The second lesson from the graph is that Africa’s poverty is not a historical inevitability. By the 1950s, Asians were on average poorer than Africans. The divergence is the result of different policies in the second half of the twentieth century. That means a more prosperous future is in Africa’s hands.
Many in South Africa, too, feel that poverty is inevitable. But that is not true either. Figure 2 shows the share of the population living in poverty in South Africa for various daily income thresholds. Again, there are two take-aways. First, the 1980s and early 1990s was a period of increasing poverty across all thresholds, but particularly for those earning less than $10 per day. The late 1990s and especially the 2000s was a period of remarkable reductions in poverty. Just after South Africa became a democracy in 1994, almost 35% of South Africans lived in extreme poverty – the World Bank definition of $1.90 per day. Fifteen years later, by 2009, that number had fallen to less than 20%. This was because, largely thanks to Thabo Mbeki, Trevor Manuel and Tito Mboweni, South Africa got the macroeconomic fundamentals right, reducing budget deficits, reeling in inflation, and opening up the economy to international trade and investment. Growth followed. This boosted the incomes of individuals and government, and more government revenue allowed greater social transfers to the very poor. It was indeed a better life for all.
But in 2009 the global financial crisis and the shift towards more populist policies within the ANC started what some now call South Africa’s ‘lost decade’. Economic growth slowed and poverty began to increase. The data ends before the Covid-19 pandemic which further deepened poverty.
South Africa in 1994 had many similarities to the South Africa of today. Economic growth was negative for most of the previous decade. Most kids were in schools that delivered poor outcomes. Many parts of the country suffered from violent protests. The new government still had to prove itself to international investors; confidence was low that the right policies could be implemented. And as Figure 2 shows, the poverty rate was higher than it is today.
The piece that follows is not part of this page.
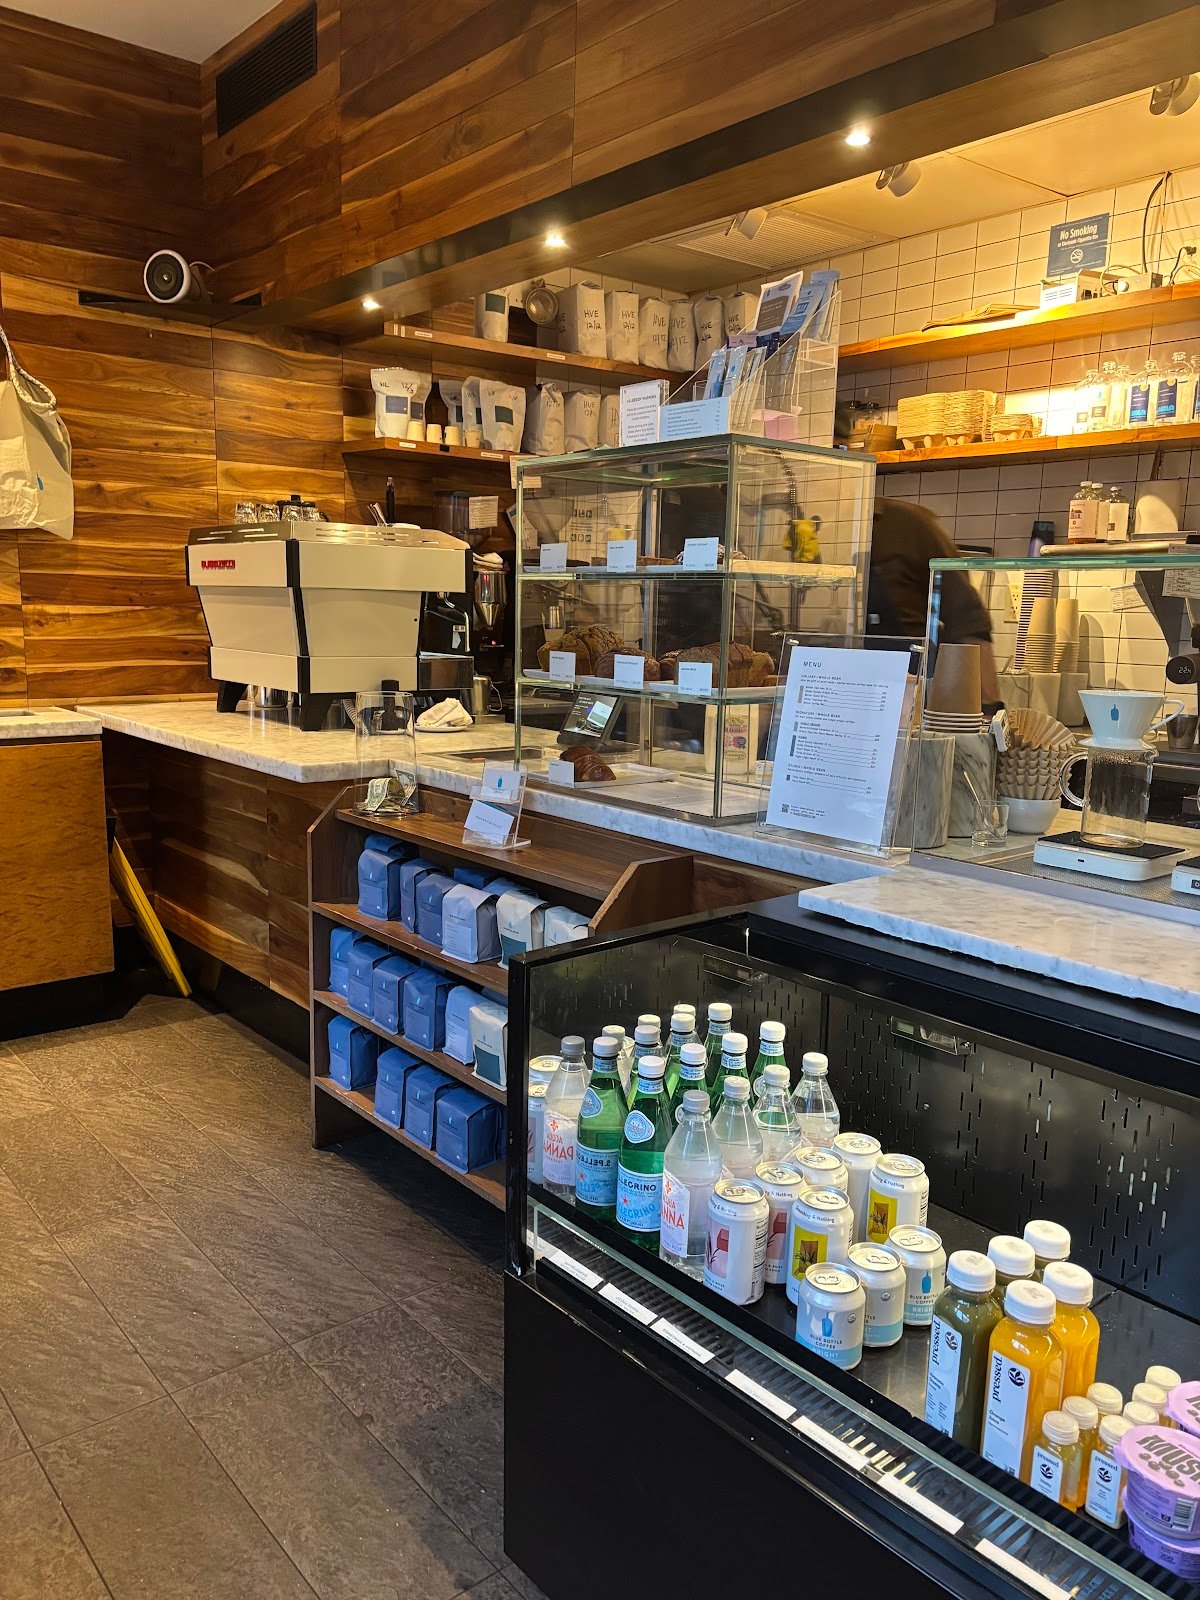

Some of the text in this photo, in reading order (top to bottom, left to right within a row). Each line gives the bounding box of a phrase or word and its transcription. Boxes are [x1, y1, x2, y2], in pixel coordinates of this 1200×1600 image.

And yet, with the right leadership and economic policy we managed to shift to a higher economic gear, strengthening our macroeconomic fundamentals. This allowed those at the bottom of the income distribution to see improvements in their lives: from higher incomes to access to housing and electricity and the internet. Had we continued along that path, it is very likely that extreme poverty would now be a thing of the past.
The bad news is that that is not how things played out. The good news is that, despite all the negativity in our current moment, the future is not inevitably bleak. It is up to us – and those we elect – to do the right thing. We have done so before.